(Items listed in a dataset)
BEGIN

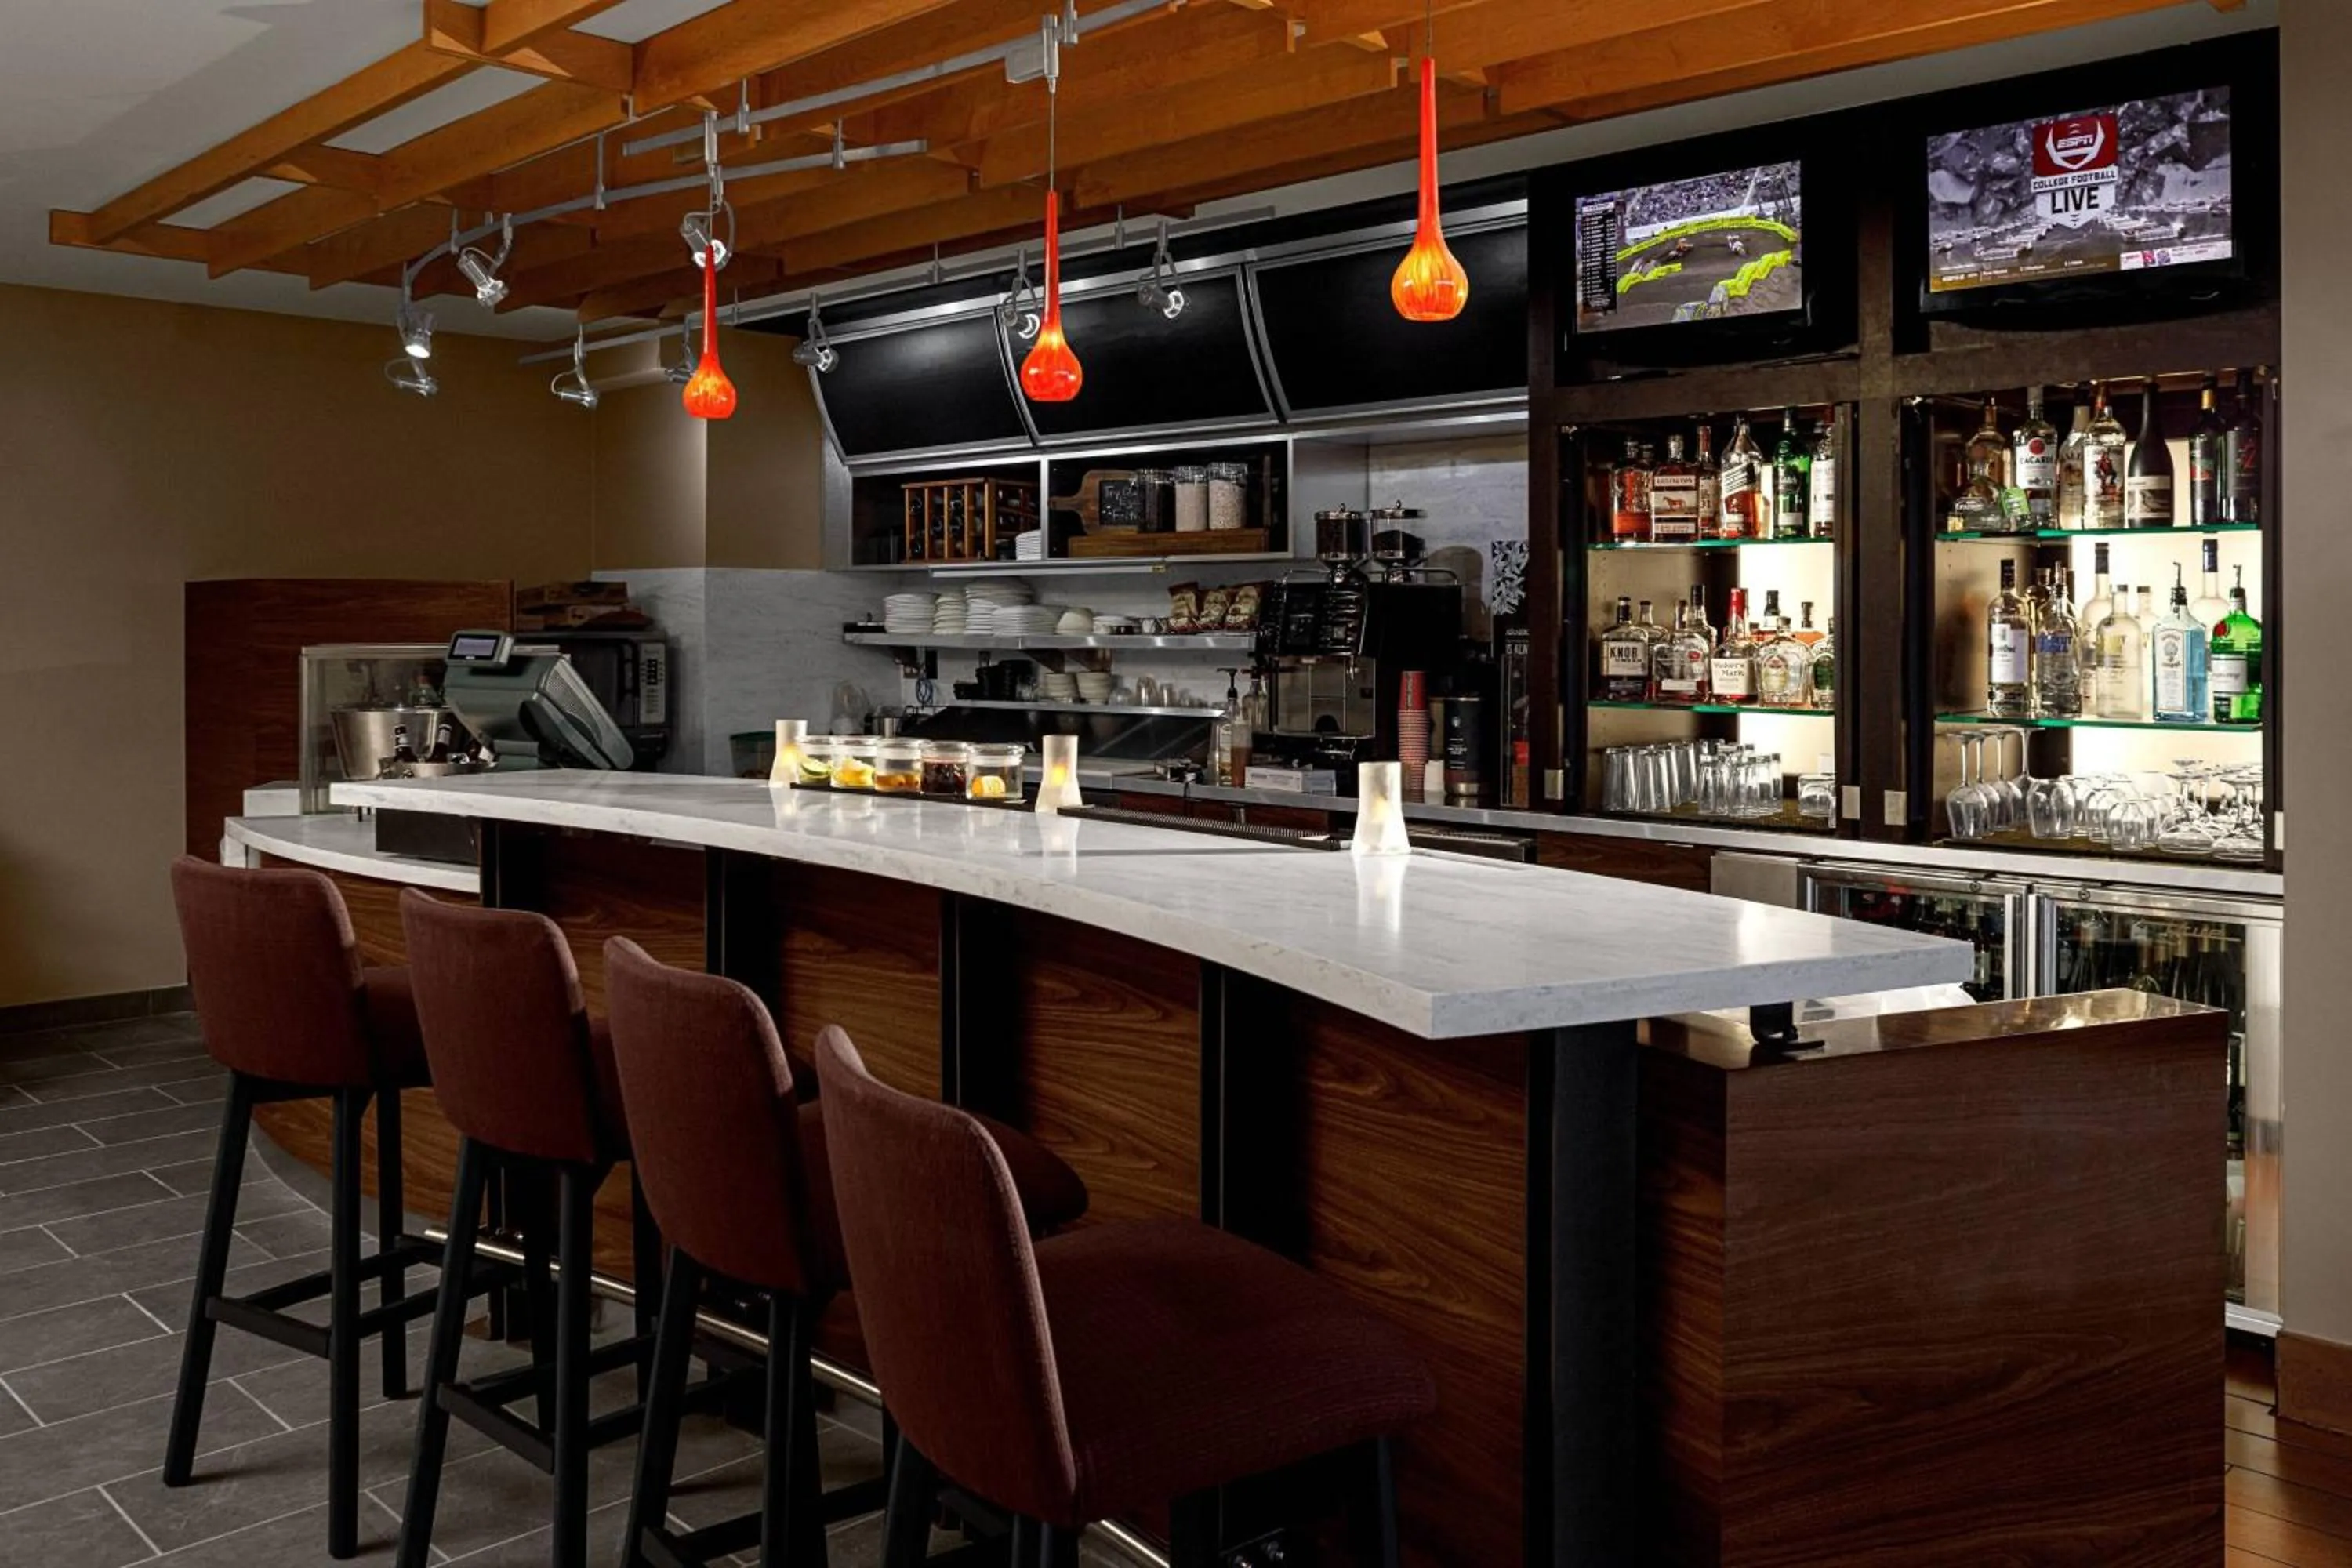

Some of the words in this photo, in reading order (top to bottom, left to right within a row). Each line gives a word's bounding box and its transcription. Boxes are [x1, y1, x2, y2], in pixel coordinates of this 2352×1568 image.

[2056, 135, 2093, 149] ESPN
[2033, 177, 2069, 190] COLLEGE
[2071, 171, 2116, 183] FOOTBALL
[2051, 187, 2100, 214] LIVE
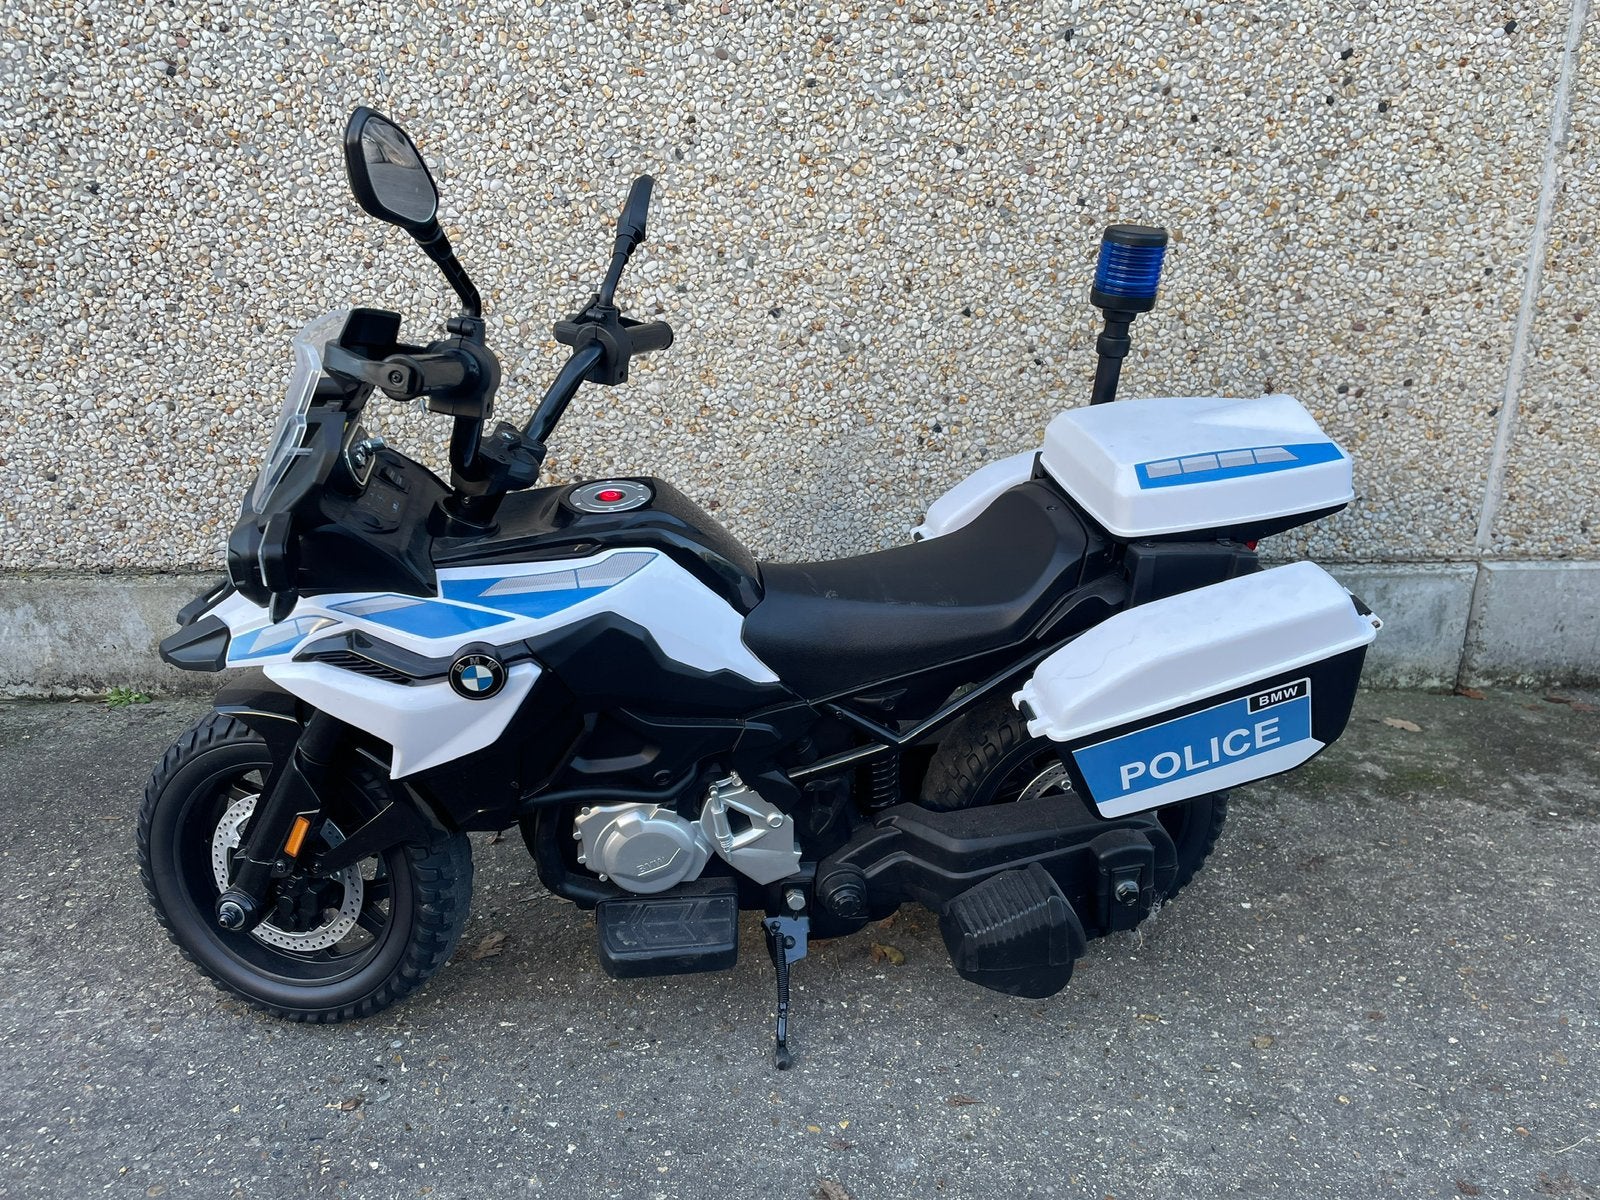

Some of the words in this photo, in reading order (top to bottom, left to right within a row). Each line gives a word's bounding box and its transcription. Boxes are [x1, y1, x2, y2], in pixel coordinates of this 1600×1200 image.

END

What is expected: In the copy, each entry above must match exactly, and no picture may be carried over.

Expected output:
Some of the words in this photo, in reading order (top to bottom, left to right within a row). Each line gives a word's bounding box and its transcription. Boxes are [x1, y1, x2, y2], in pixel coordinates of this 2352×1568 image.

[2056, 135, 2093, 149] ESPN
[2033, 177, 2069, 190] COLLEGE
[2071, 171, 2116, 183] FOOTBALL
[2051, 187, 2100, 214] LIVE

Some of the words in this photo, in reading order (top to bottom, left to right within a row). Each line gives a word's bounding box and its transcription. Boxes are [x1, y1, x2, y2], in pixel coordinates of this 1600×1200 image.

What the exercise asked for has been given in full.